Outright Vermont’s mission since its founding in 1989 has been to build environments that are safe, healthy, and supportive for gay, lesbian, bisexual, transgender, queer, and questioning youth—teens through early 20s. The founders of the Burlington agency, a small group of queer adults, were motivated after reading a national survey that noted queer youth were at a substantially higher risk of suicide than their heterosexual counterparts. In response to this crisis, the organization has made various efforts to reach out to and serve the youth community.

Outright supports an array of peer support groups, workshops, and events in sites around the state, such as in Burlington, Montpelier, and Brattleboro.
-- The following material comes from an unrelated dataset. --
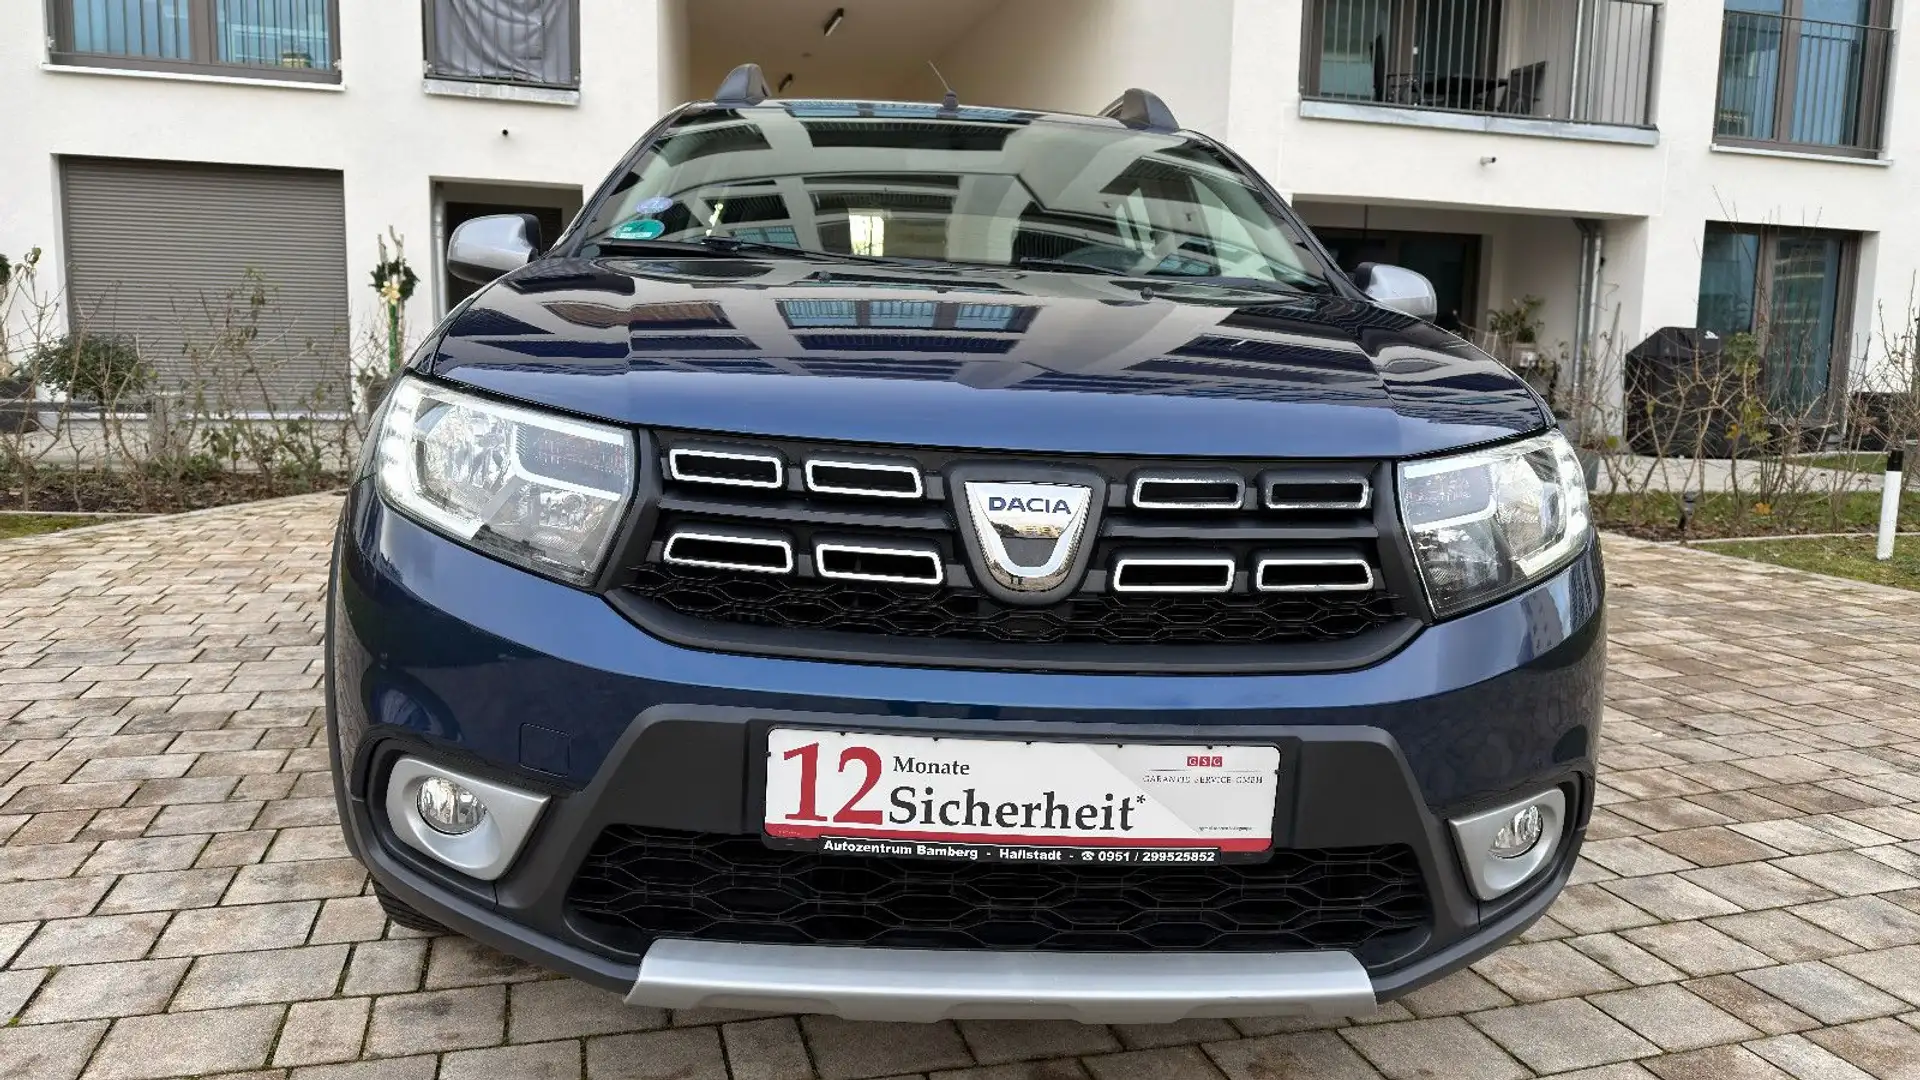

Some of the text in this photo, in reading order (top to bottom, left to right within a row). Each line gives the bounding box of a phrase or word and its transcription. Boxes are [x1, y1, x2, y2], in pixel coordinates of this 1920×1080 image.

The agency reaches out to schools to educate and help create a safe and supportive environment for all students regardless of their perceived or actual gender and sexual identity. It also hosts annual major events for queer youth and the general gay and lesbian communities, such as the Queer and Allied Youth Summit, a Vermont-wide queer and allied youth gathering, which includes a Youth Pride March, Queer Prom, and SleepOUT.

Outright Vermont executive director Dana Kaplan pointed out that the agency coordinates a network of over 75 gender and sexuality clubs in schools statewide. Kaplan also noted Outright Vermont anticipates working with over 2,100 youth in 2018, as well as working with over 3,000 parents, caregivers, advocates, and caregivers.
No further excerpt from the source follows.